Free-text object descriptions
-.-.-

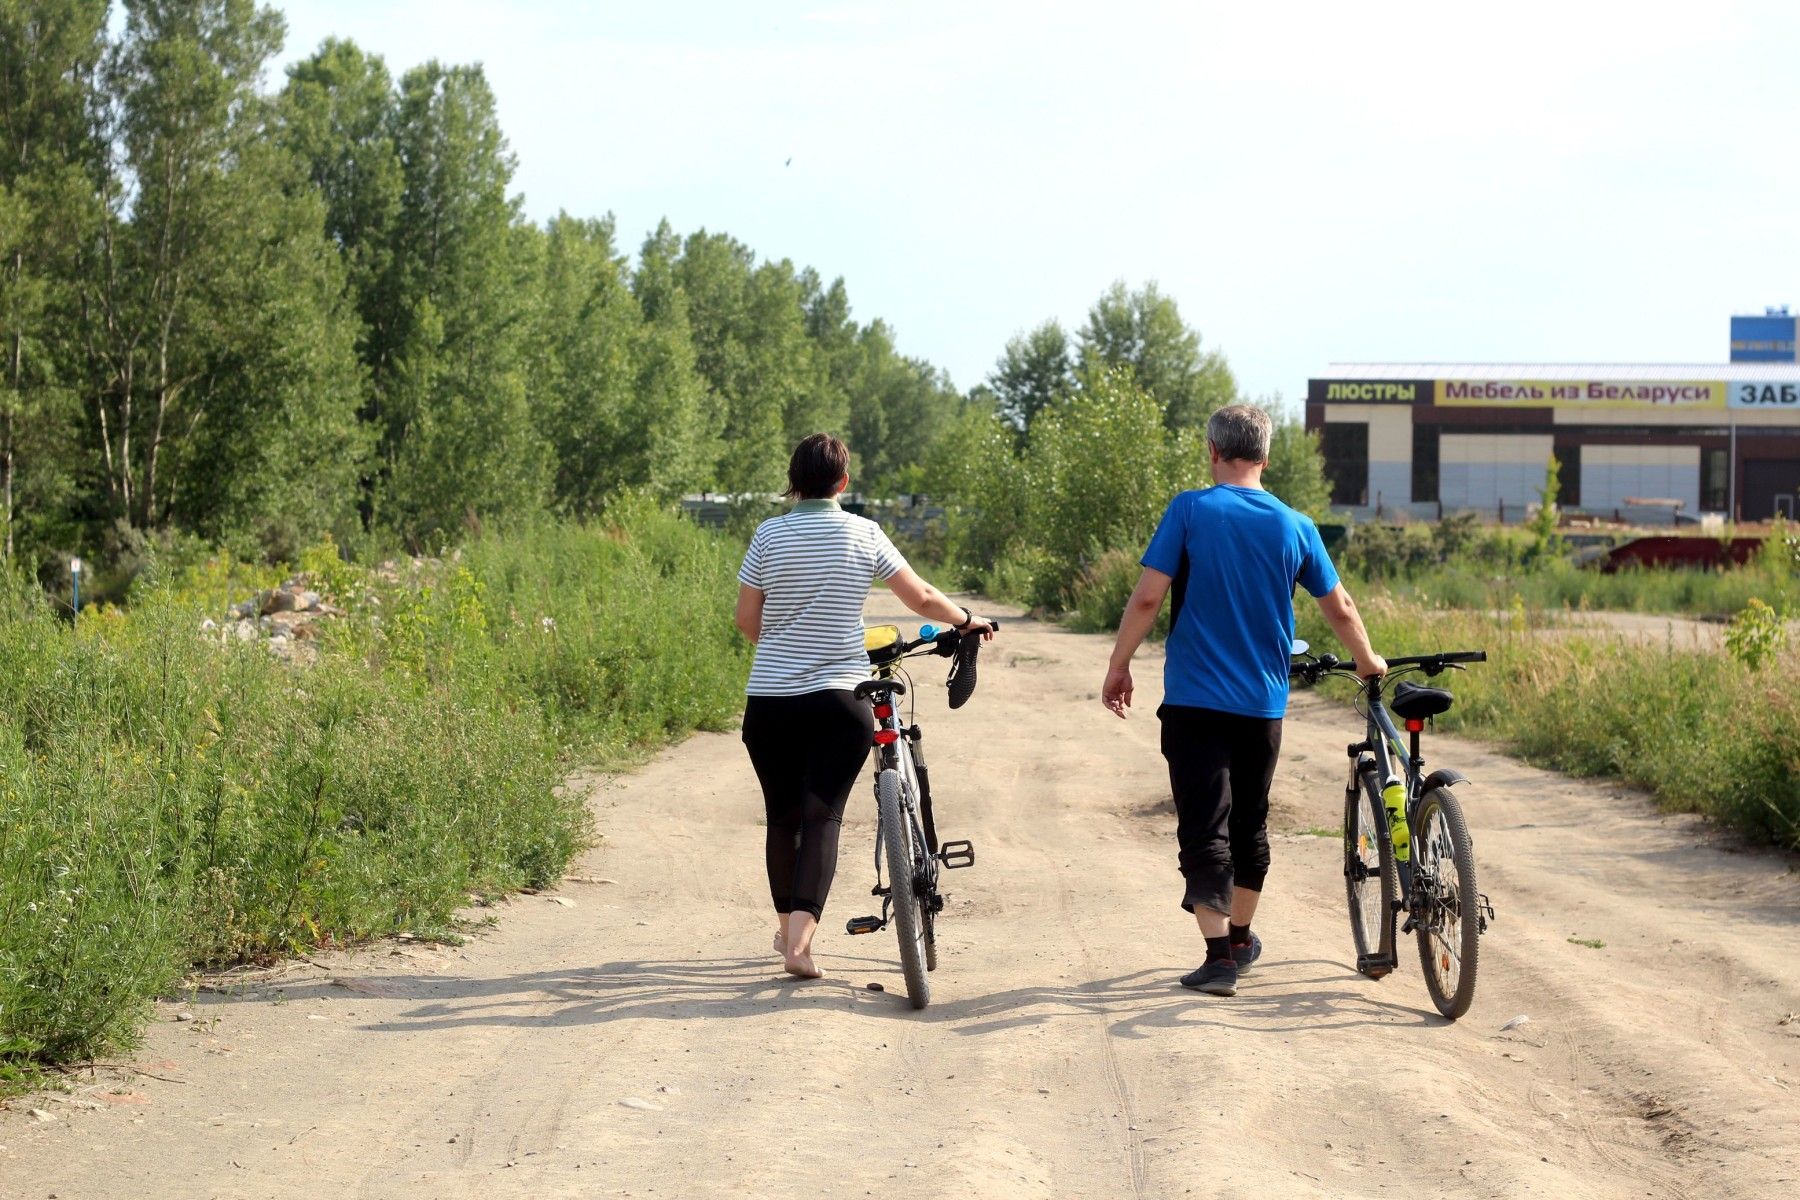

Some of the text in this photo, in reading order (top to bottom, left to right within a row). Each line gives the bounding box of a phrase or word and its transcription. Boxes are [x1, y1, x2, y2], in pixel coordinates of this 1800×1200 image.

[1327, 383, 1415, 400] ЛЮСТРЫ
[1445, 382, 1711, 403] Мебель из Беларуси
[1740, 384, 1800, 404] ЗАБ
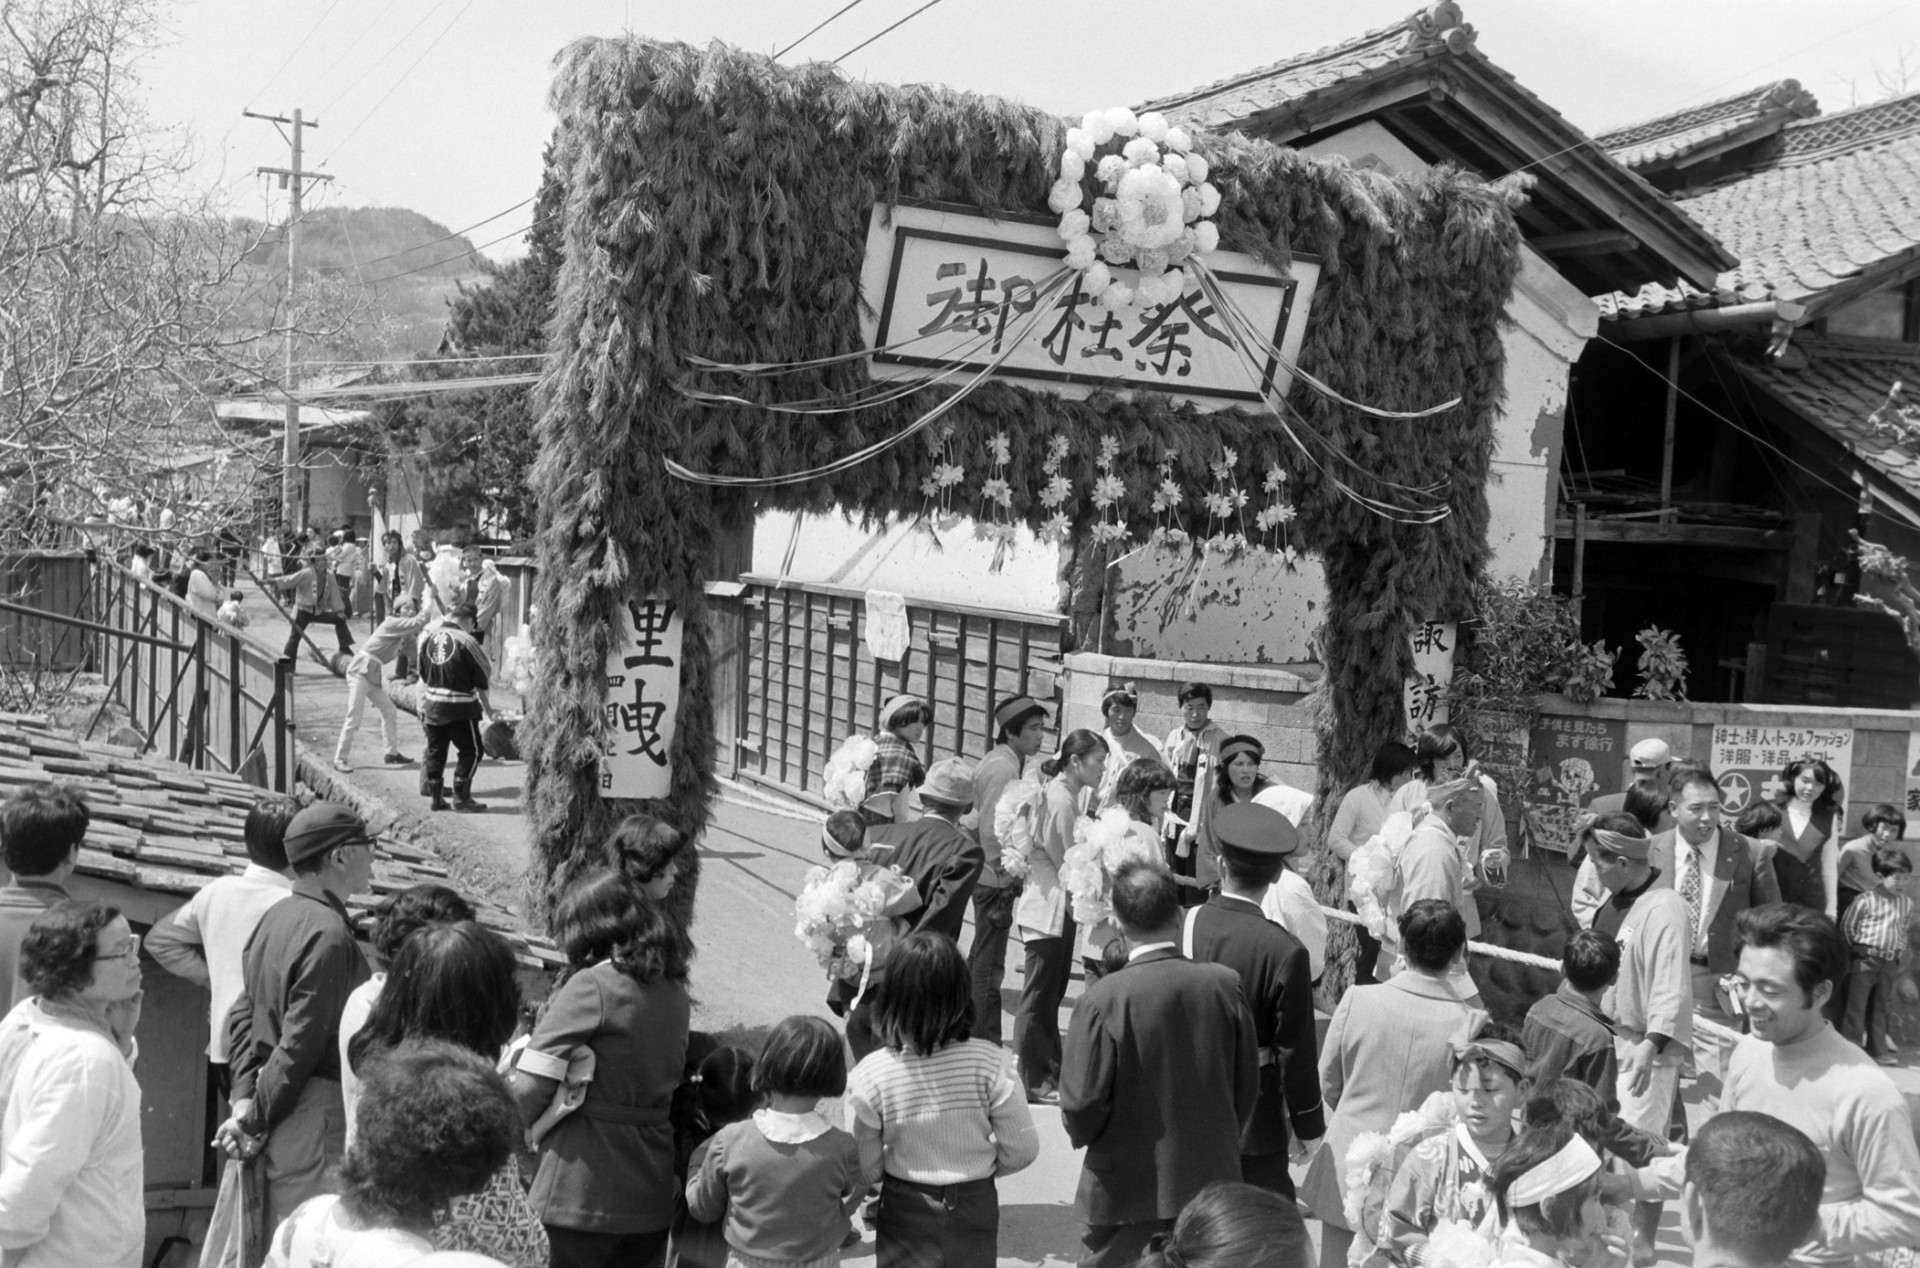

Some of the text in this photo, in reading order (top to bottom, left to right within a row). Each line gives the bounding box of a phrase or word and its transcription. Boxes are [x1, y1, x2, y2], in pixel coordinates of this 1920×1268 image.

-.-.-

Return, exactly as they stand, all of the lines above, but not the pictures.

Some of the text in this photo, in reading order (top to bottom, left to right within a row). Each line gives the bounding box of a phrase or word and its transcription. Boxes are [x1, y1, x2, y2], in pixel coordinates of this 1800×1200 image.

[1327, 383, 1415, 400] ЛЮСТРЫ
[1445, 382, 1711, 403] Мебель из Беларуси
[1740, 384, 1800, 404] ЗАБ

Some of the text in this photo, in reading order (top to bottom, left to right within a row). Each line gives the bounding box of a phrase or word and its transcription. Boxes are [x1, y1, x2, y2], in pixel coordinates of this 1920×1268 image.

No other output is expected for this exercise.